Neste cenário, apesar do alinhamento do governo Bolsonaro, o Brasil e a América Latina como um todo não devem receber tanta atenção. Com problemas internos para resolver, como pandemia, protestos e economia, e um conflito ideológico com a China, Trump deverá focar em outros esforços em um hipotético segundo mandato.

"Trump não deu importância para a América Latina. Durante o primeiro mandato inteiro, ele não visitou a América Latina. No máximo, foi a Buenos Aires durante a cúpula do G20", diz o professor e coordenador do curso de Relações Internacionais da USP, Felipe Loureiro. Biden visitou os países latino-americanos, incluindo o Brasil, quando era vice-presidente de Barack Obama.

O que pode ocorrer, na realidade, é uma pressão para que os países latino-americanos se afastem da China e tomem partido em temas de economia e tecnologia, mais especificamente o 5G. Mas, nesse sentido, é possível que Biden tenha a mesma atitude, já que são temas cruciais para os Estados Unidos.

Engajamento e votação antecipada

Com o cenário das últimas semanas, uma vitória de Trump só será possível se ele conseguir movimentar sua base eleitoral de maneira mais contundente do que em 2016. Alguns fatores, entretanto, favorecem a base democrata neste ano.

Por causa da pandemia, a votação começou antecipadamente em muitos estados, a fim de evitar aglomerações hoje. Com isso, um enorme contingente de eleitores já votou —em especial democratas, segundo as pesquisas. Biden engajou o eleitorado, um feito que Hillary não foi capaz de executar. Até ontem, 95 milhões de eleitores já tinham votado.

Durante a campanha, Biden e sua vice Kamala Harris foram capazes de entusiasmar as minorias, em especial mulheres, negros e latinos, a votar. Como o voto nos Estados Unidos não é obrigatório, parte do esforço é convencer a base eleitoral a participar do pleito. Em 2016, os democratas não conseguiram esse movimento, enquanto Trump atraiu os republicanos mais conservadores.

É para esse engajamento que especialistas olham com atenção. Embora uma virada do republicano seja bastante improvável, não se pode desprezar a grande base eleitoral que ele tem. Se conseguir repetir e ampliar o feito de 2016, Trump pode ser reeleito.

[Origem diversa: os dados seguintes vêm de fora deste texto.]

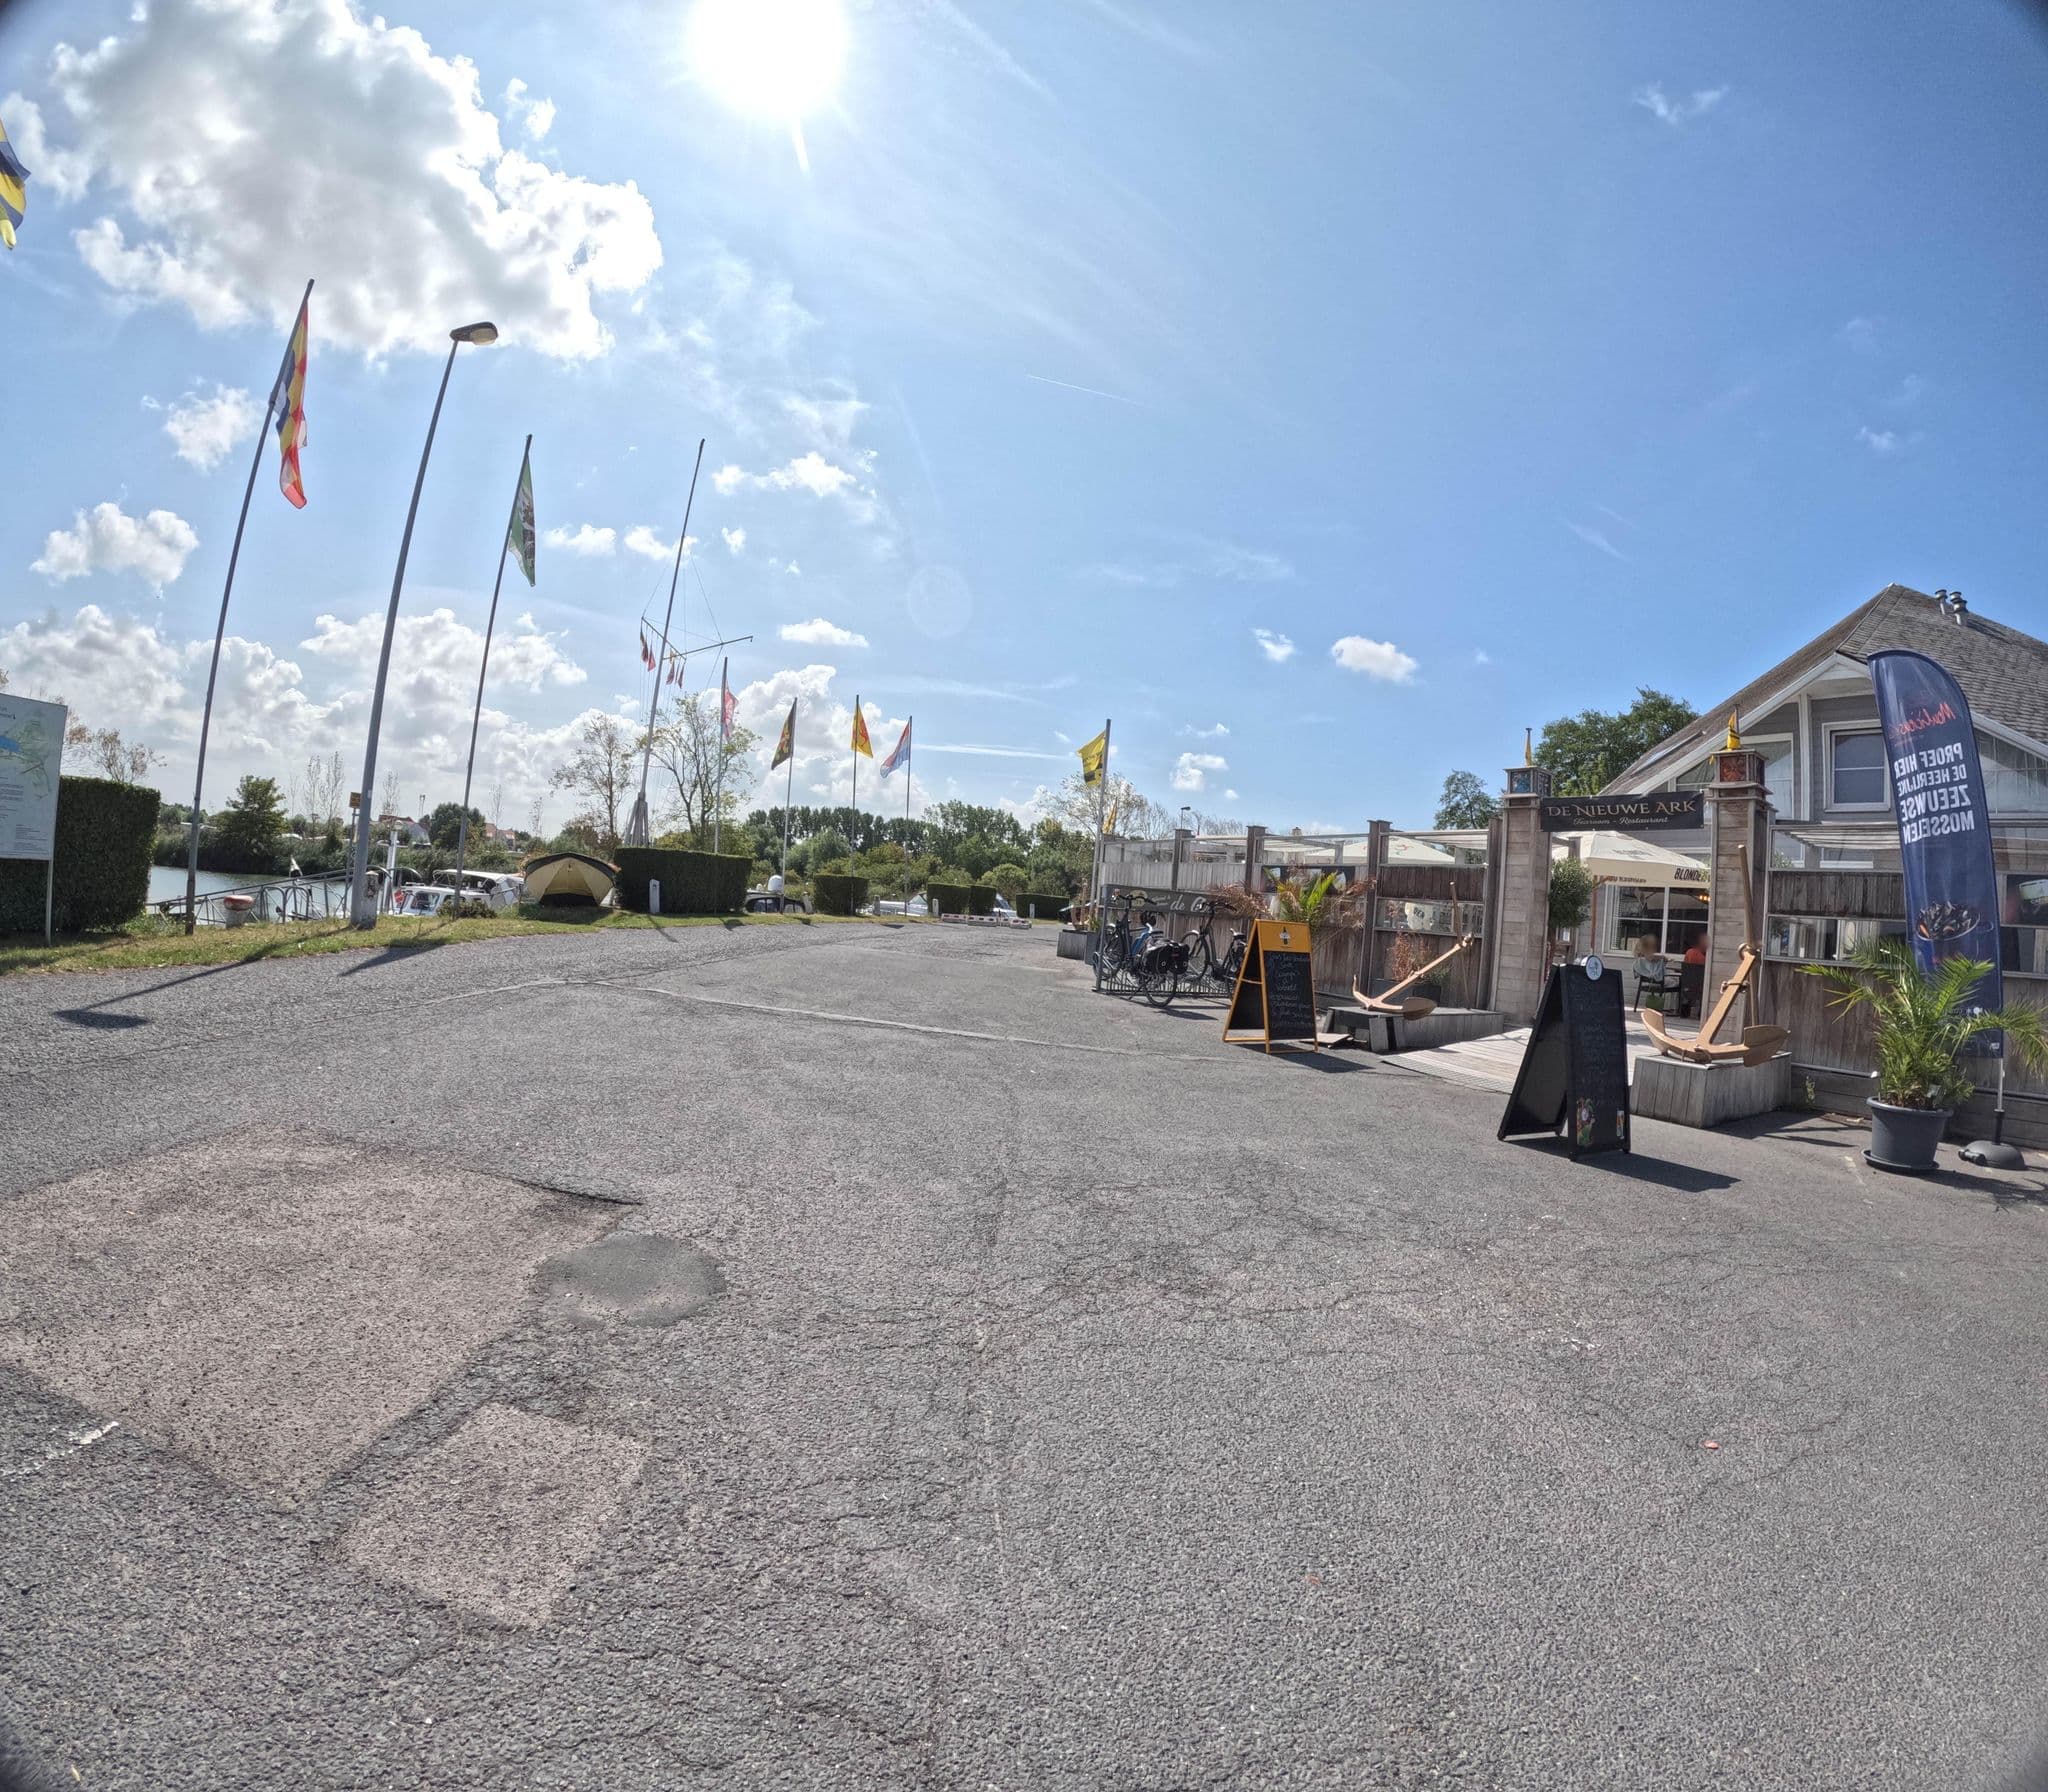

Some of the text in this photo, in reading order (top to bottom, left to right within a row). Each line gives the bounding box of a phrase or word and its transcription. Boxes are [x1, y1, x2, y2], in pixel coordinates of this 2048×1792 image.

[1546, 800, 1697, 818] DE NIEUWE ARK
[1619, 816, 1669, 826] Restaurant

A pandemia também expandiu o voto por correio, o que analistas dizem que favorece o candidato democrata, já que indica mais engajamento. Não à toa, o atual presidente coloca em suspeição a medida, indicando fraude —mesmo que ele já tenha usado o voto por correio no passado.

Resultado pode levar dias

Justamente por causa do voto por correio, o resultado das eleições pode sair apenas nos próximo dias e não na próxima madrugada. Alguns estados poderão receber as correspondências de seus eleitores amanhã ou ainda mais tarde. Estados importantes para o pleito, como Michigan e Pensilvânia, já avisaram que a contagem pode levar dias.

Outro ponto importante é que a votação antecipada já sinalizou que os votos por correio estão aumentando a quantidade de "votos provisórios" —aqueles de eleitores com elegibilidade questionada. Estes eleitores podem votar provisoriamente, mas a participação deles só é computada após a verificação da elegibilidade.

Em caso de derrota de Trump, existe ainda outra possibilidade: a eleição poder ser judicializada. O presidente já sinalizou que não irá aceitar o resultado. Ele pode pedir uma recontagem e levar a questão à Justiça. Especialistas temem o movimento, pois a Suprema Corte tem uma ampla maioria de conservadores que poderiam favorecer Trump, enfraquecendo a democracia americana.